§ **WHAT THE EXERCISE ASKS**
Return every entry below word for word and leave out any picture.

§ **Extracted data entries**
Start of Block

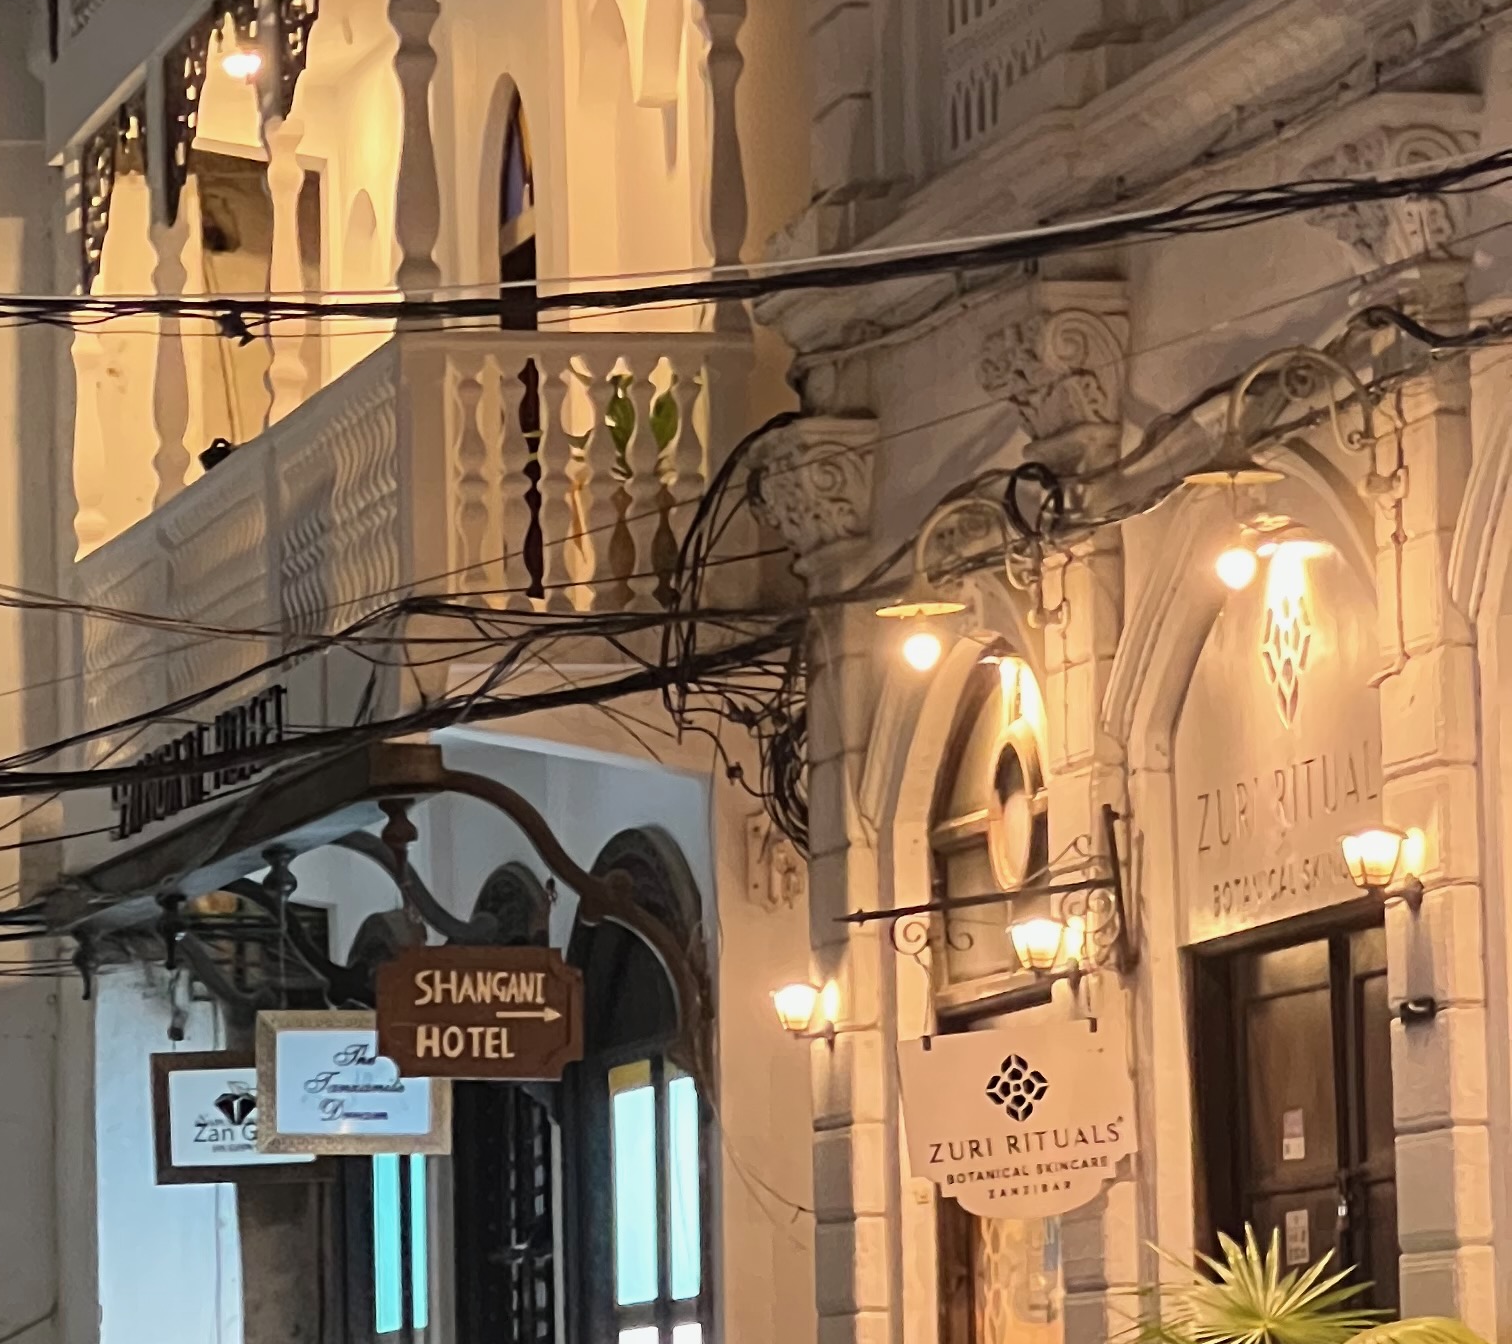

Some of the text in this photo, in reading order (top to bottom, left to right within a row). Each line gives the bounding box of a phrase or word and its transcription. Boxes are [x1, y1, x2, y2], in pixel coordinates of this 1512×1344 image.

[1197, 776, 1260, 853] ZURI
[414, 969, 546, 1006] SHANGANI
[416, 1025, 515, 1058] HOTEL
[193, 1122, 235, 1142] Zan
[929, 1122, 1120, 1164] ZURI RITUALS
[946, 1155, 1109, 1185] BOTANICAL SKINCARE
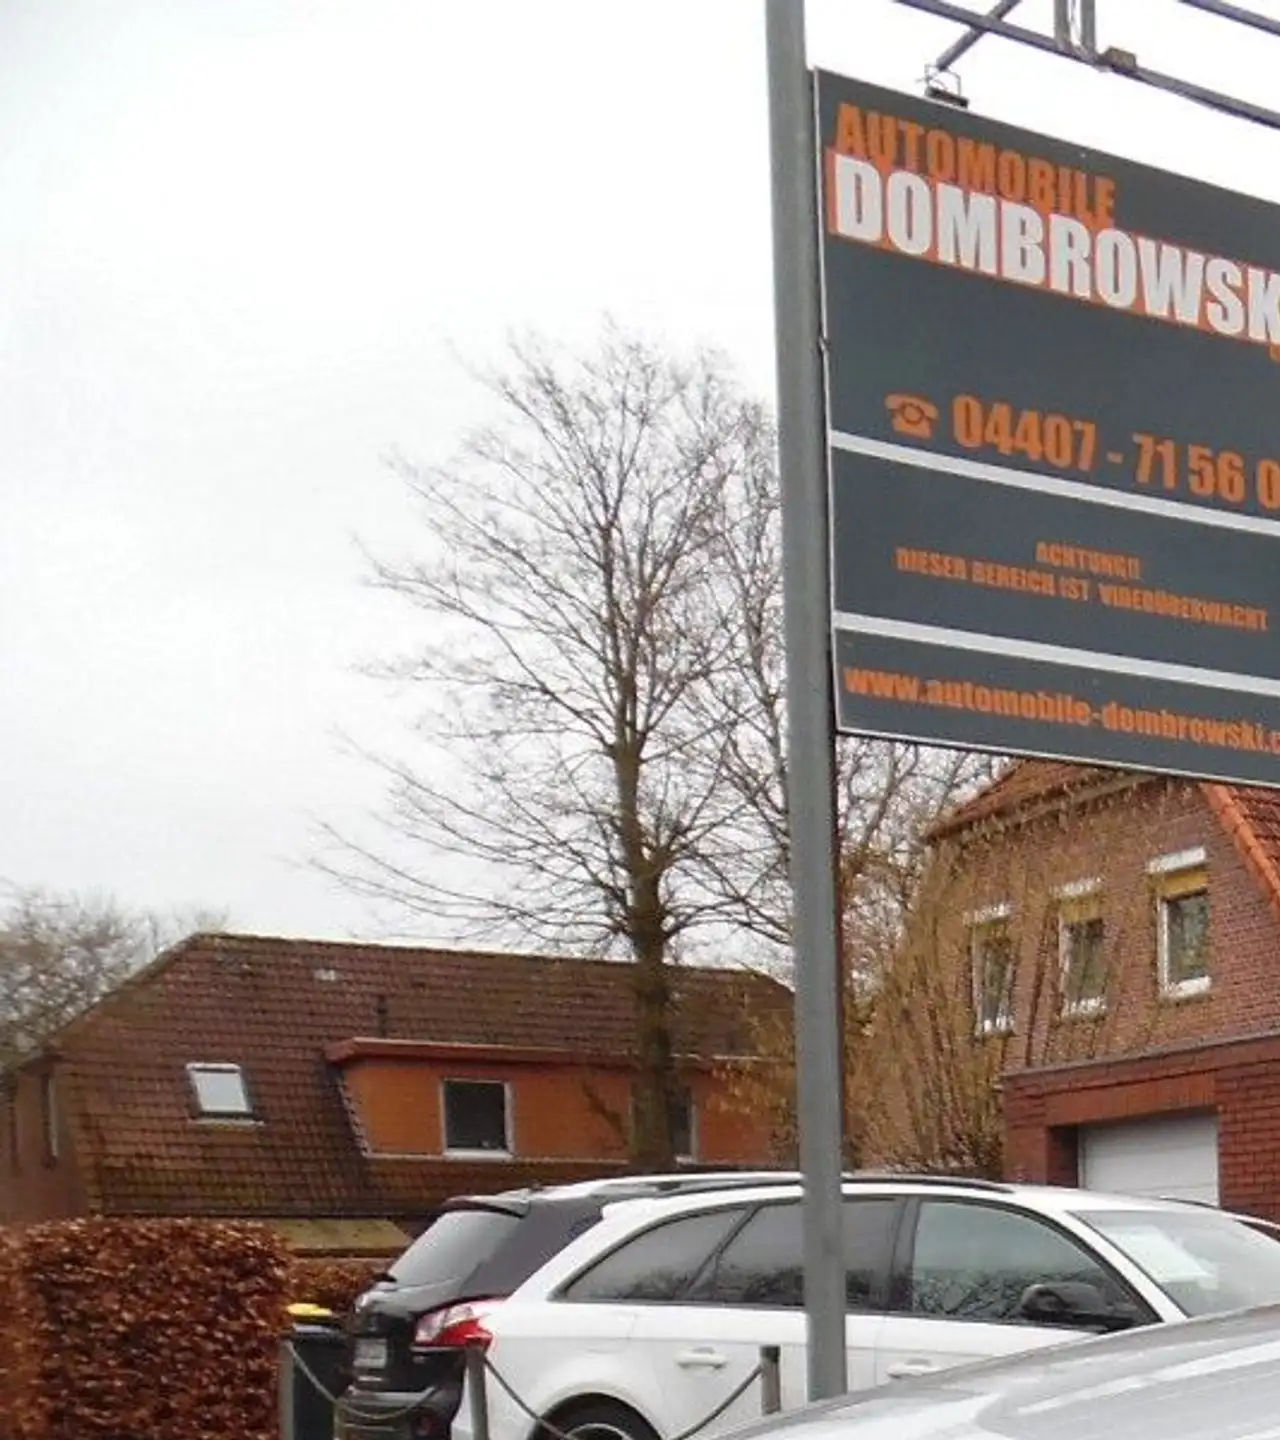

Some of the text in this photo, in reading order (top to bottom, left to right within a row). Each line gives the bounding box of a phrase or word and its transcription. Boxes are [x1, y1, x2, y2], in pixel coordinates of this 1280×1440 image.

[837, 103, 1116, 229] AUTOMOBILE
[951, 394, 1096, 471] 04407
[1132, 432, 1178, 490] 71
[1187, 444, 1246, 503] 56
[896, 548, 967, 580] DIESER
[972, 561, 1055, 596] BEREICH
[1059, 576, 1088, 601] IST

End of Block

§ **EXERCISE RESPONSE**
Some of the text in this photo, in reading order (top to bottom, left to right within a row). Each line gives the bounding box of a phrase or word and its transcription. Boxes are [x1, y1, x2, y2], in pixel coordinates of this 1512×1344 image.

[1197, 776, 1260, 853] ZURI
[414, 969, 546, 1006] SHANGANI
[416, 1025, 515, 1058] HOTEL
[193, 1122, 235, 1142] Zan
[929, 1122, 1120, 1164] ZURI RITUALS
[946, 1155, 1109, 1185] BOTANICAL SKINCARE

Some of the text in this photo, in reading order (top to bottom, left to right within a row). Each line gives the bounding box of a phrase or word and its transcription. Boxes are [x1, y1, x2, y2], in pixel coordinates of this 1280×1440 image.

[837, 103, 1116, 229] AUTOMOBILE
[951, 394, 1096, 471] 04407
[1132, 432, 1178, 490] 71
[1187, 444, 1246, 503] 56
[896, 548, 967, 580] DIESER
[972, 561, 1055, 596] BEREICH
[1059, 576, 1088, 601] IST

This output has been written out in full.